One issue puzzling former President Barack Obama is why populist Republicans rallied around Donald Trump as their champion.

Obama outlined his confusion in volume one of his memoirs and at length with the Atlantic editor Jeffery Goldberg, noting America’s cultural heroes were traditionally represented by John Wayne, Gary Cooper, Jimmy Stewart, and Clint Eastwood.

The “code of masculinity” represented by those cultural figures, Obama said, was that a man was true to his word, takes responsibility, does not complain, and is not a bully.

The “greatest generation” Obama said, was heralded for their sacrifices during World War II.

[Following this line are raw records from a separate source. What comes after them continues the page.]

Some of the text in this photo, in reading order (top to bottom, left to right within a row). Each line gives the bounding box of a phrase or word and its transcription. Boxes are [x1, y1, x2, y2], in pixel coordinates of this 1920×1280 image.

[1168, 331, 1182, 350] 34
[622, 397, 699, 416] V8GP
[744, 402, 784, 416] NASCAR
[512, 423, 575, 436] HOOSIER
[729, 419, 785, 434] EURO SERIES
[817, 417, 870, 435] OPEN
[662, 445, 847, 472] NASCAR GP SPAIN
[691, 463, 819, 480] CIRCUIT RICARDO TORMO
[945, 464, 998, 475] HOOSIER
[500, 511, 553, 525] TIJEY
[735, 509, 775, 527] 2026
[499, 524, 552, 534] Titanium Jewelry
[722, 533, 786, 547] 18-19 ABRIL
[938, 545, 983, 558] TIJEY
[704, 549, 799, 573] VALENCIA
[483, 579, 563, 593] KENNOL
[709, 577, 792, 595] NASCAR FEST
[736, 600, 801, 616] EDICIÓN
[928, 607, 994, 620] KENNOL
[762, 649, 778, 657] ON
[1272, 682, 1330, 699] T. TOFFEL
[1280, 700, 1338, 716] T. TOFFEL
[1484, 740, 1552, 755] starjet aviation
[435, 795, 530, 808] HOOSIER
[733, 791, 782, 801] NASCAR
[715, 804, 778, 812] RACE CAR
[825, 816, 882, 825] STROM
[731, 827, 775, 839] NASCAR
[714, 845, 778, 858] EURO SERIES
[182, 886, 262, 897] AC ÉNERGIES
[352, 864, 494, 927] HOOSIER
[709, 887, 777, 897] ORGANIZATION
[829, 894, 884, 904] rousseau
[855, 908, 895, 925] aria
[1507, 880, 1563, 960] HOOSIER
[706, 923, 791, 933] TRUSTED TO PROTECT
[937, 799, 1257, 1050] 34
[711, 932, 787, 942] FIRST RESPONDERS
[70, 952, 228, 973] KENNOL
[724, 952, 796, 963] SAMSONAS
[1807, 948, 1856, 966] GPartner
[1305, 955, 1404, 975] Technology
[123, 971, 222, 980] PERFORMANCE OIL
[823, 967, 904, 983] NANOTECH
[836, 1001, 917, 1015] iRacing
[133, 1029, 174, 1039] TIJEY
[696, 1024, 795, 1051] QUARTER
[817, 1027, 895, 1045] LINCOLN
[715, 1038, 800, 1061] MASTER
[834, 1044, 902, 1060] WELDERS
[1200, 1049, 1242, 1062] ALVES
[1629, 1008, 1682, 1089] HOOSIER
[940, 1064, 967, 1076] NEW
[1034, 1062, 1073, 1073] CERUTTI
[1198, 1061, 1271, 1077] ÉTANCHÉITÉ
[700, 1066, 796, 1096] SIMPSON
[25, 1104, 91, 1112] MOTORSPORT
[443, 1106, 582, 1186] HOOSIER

“Even if you are someone who is annoyed by wokeness and political correctness and wants men to be men again and is tired about everyone complaining about the patriarchy, I thought that the model wouldn’t be Richie Rich—the complaining, lying, doesn’t-take-responsibility-for-anything type of figure,” Obama said, referring to Trump.

Obama proposed Trump had “complete disdain for ordinary people” but then received attention from those same people.

“[I]f we were going to have a right-wing populist in this country, I would have expected somebody a little more appealing,” he said.

Obama admitted Trump increased his support among black men because rap music was “all about the bling, the women, the money.”

“A lot of rap videos are using the same measures of what it means to be successful as Donald Trump is,” Obama mused. “Everything is gold-plated. That insinuates itself and seeps into the culture.”

Shows like ‘Lifestyles of the Rich and Famous,’ Obama said, drove a sense in America that “either you’ve got it or you’re a loser.”

“Donald Trump epitomizes that cultural movement that is deeply ingrained now in American culture,” he said.

Obama mused he never understood Trump because he never watched reality television.

“I think that indicates the power of television in the culture that sometimes I miss because I don’t watch a lot of TV,” he said. “I certainly don’t watch reality shows. And sometimes I’d miss things that were phenomena. But I thought there was a shift there. I write about it to some degree.”